# Task
Please reproduce the data exactly, excluding any pictures it contains.

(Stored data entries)
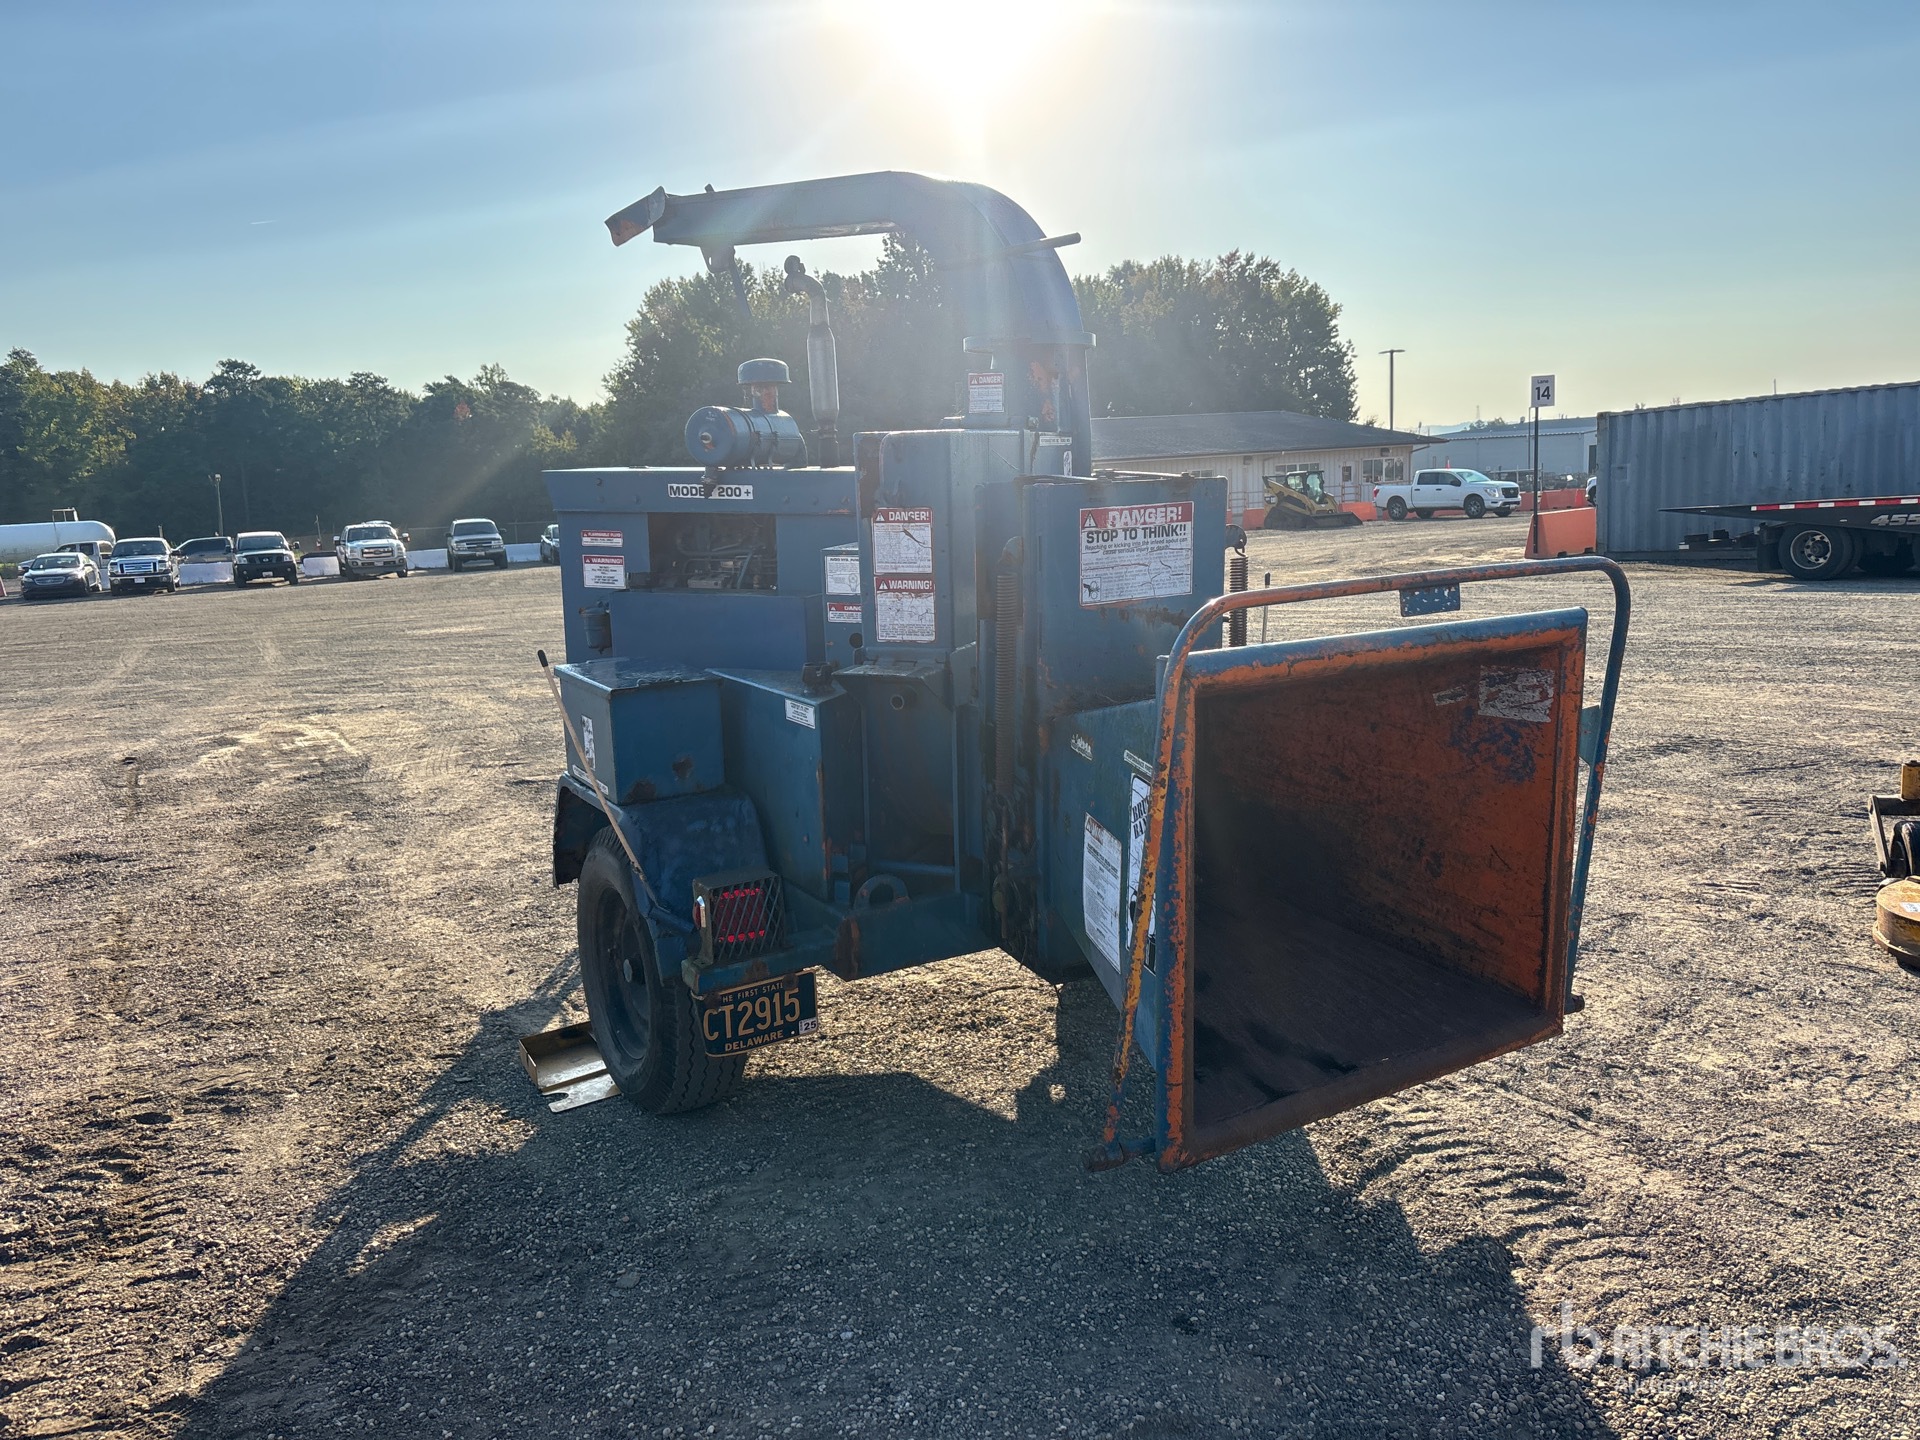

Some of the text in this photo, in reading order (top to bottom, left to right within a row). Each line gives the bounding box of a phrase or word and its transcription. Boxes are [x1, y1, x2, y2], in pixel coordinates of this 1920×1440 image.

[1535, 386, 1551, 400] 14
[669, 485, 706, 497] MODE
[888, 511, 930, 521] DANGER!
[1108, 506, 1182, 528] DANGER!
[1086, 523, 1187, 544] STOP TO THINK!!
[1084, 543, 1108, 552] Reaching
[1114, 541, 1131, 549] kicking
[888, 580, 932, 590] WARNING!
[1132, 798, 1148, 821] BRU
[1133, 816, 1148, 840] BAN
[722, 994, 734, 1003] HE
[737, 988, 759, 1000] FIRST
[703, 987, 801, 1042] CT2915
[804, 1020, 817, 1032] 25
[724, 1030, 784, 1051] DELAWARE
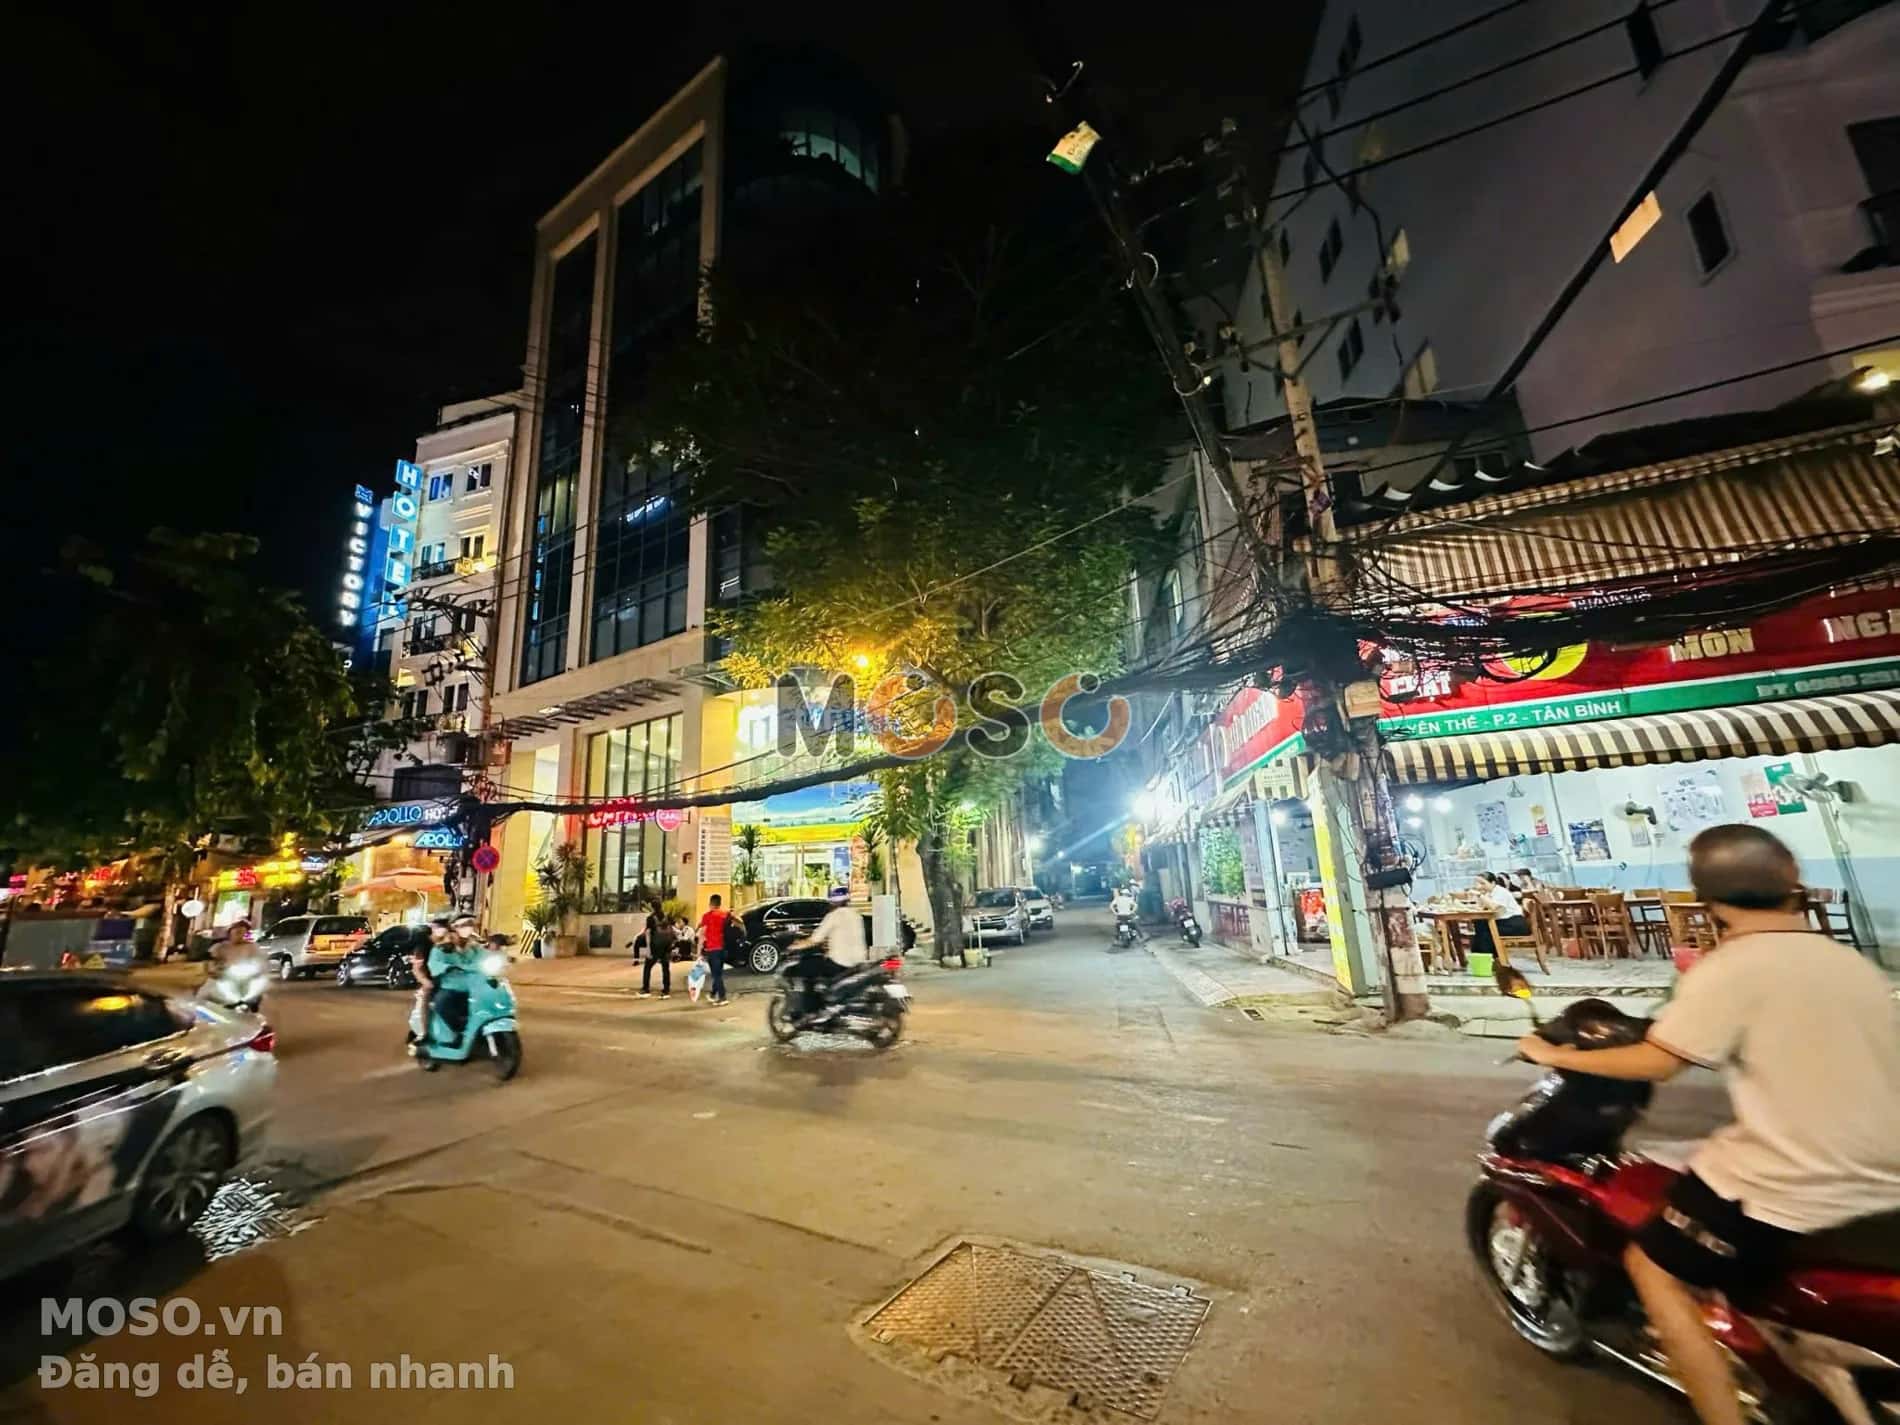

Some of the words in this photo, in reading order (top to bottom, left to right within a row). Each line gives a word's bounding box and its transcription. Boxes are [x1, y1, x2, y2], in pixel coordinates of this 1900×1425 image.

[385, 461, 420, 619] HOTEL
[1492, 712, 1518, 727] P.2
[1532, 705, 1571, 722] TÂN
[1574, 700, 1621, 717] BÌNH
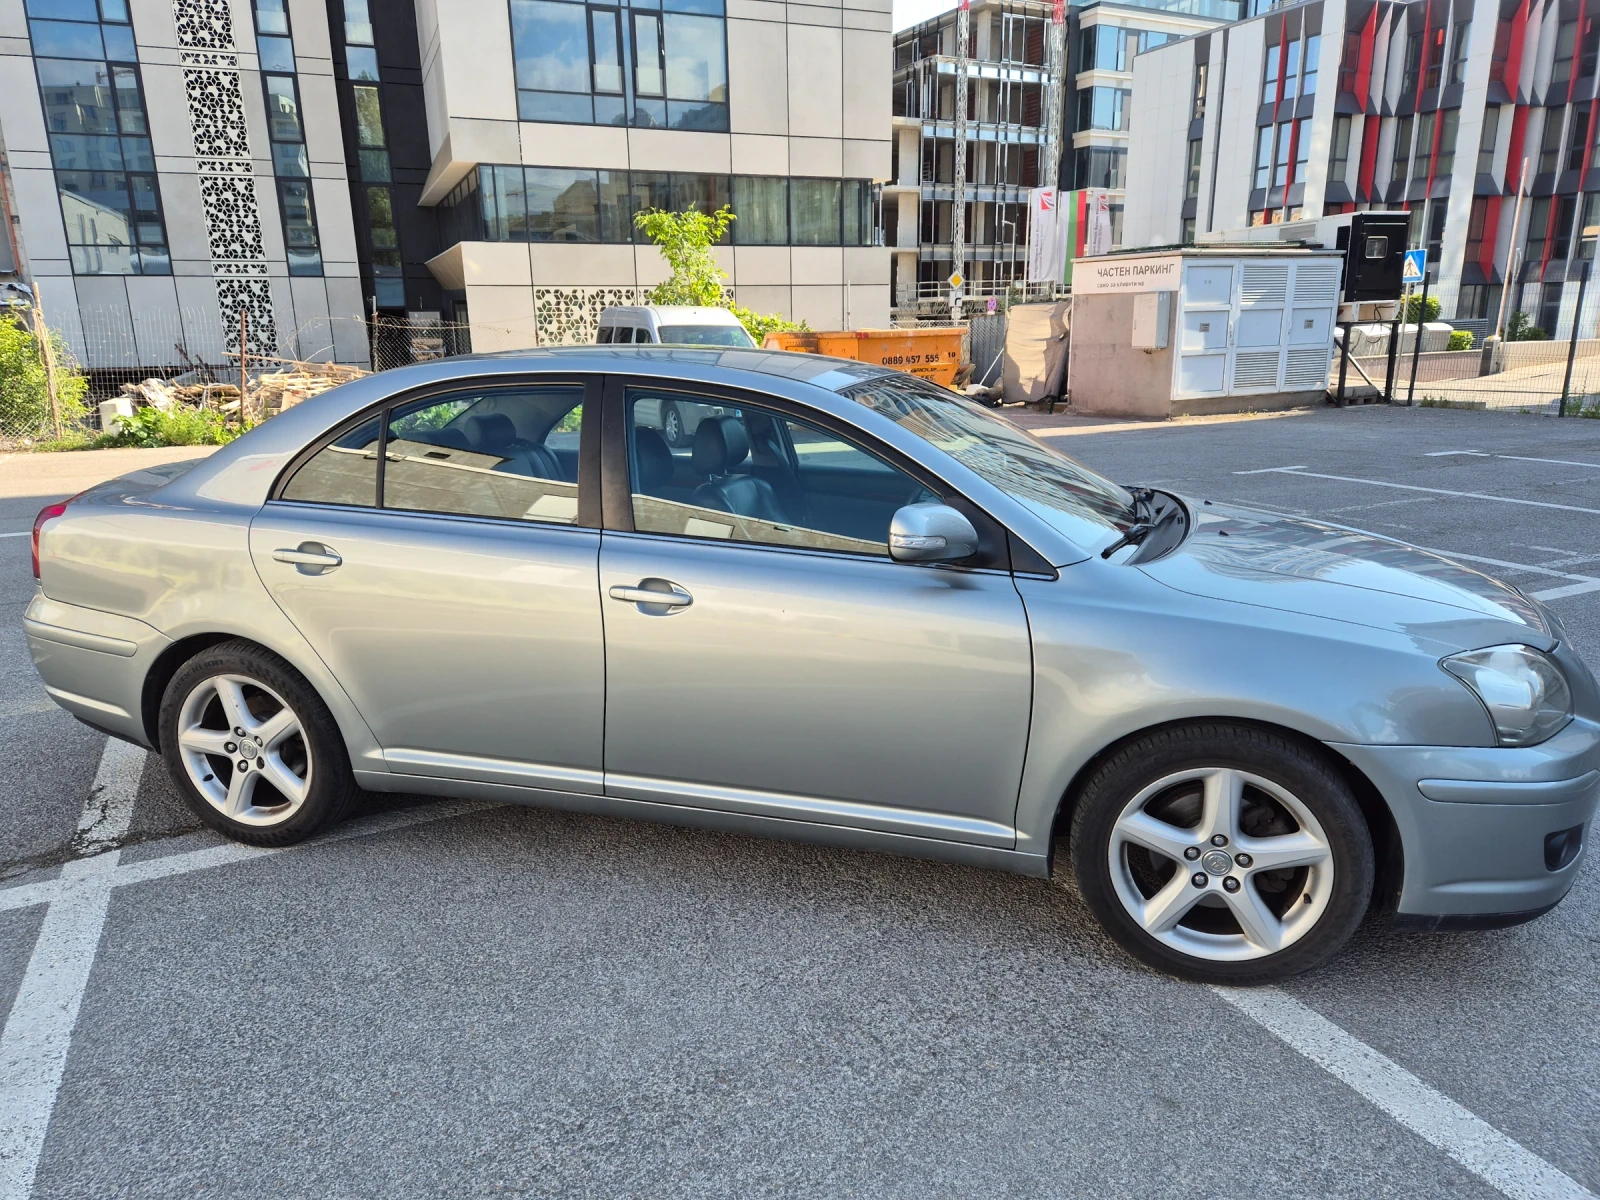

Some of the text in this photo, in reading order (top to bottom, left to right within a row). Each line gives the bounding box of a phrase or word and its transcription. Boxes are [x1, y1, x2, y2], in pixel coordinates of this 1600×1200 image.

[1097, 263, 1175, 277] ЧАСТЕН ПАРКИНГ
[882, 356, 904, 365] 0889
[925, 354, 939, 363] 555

# Solution
Some of the text in this photo, in reading order (top to bottom, left to right within a row). Each line gives the bounding box of a phrase or word and its transcription. Boxes are [x1, y1, x2, y2], in pixel coordinates of this 1920×1440 image.

[1535, 386, 1551, 400] 14
[669, 485, 706, 497] MODE
[888, 511, 930, 521] DANGER!
[1108, 506, 1182, 528] DANGER!
[1086, 523, 1187, 544] STOP TO THINK!!
[1084, 543, 1108, 552] Reaching
[1114, 541, 1131, 549] kicking
[888, 580, 932, 590] WARNING!
[1132, 798, 1148, 821] BRU
[1133, 816, 1148, 840] BAN
[722, 994, 734, 1003] HE
[737, 988, 759, 1000] FIRST
[703, 987, 801, 1042] CT2915
[804, 1020, 817, 1032] 25
[724, 1030, 784, 1051] DELAWARE

Some of the words in this photo, in reading order (top to bottom, left to right within a row). Each line gives a word's bounding box and its transcription. Boxes are [x1, y1, x2, y2], in pixel coordinates of this 1900×1425 image.

[385, 461, 420, 619] HOTEL
[1492, 712, 1518, 727] P.2
[1532, 705, 1571, 722] TÂN
[1574, 700, 1621, 717] BÌNH

Some of the text in this photo, in reading order (top to bottom, left to right within a row). Each line gives the bounding box of a phrase or word and its transcription. Boxes are [x1, y1, x2, y2], in pixel coordinates of this 1600×1200 image.

[1097, 263, 1175, 277] ЧАСТЕН ПАРКИНГ
[882, 356, 904, 365] 0889
[925, 354, 939, 363] 555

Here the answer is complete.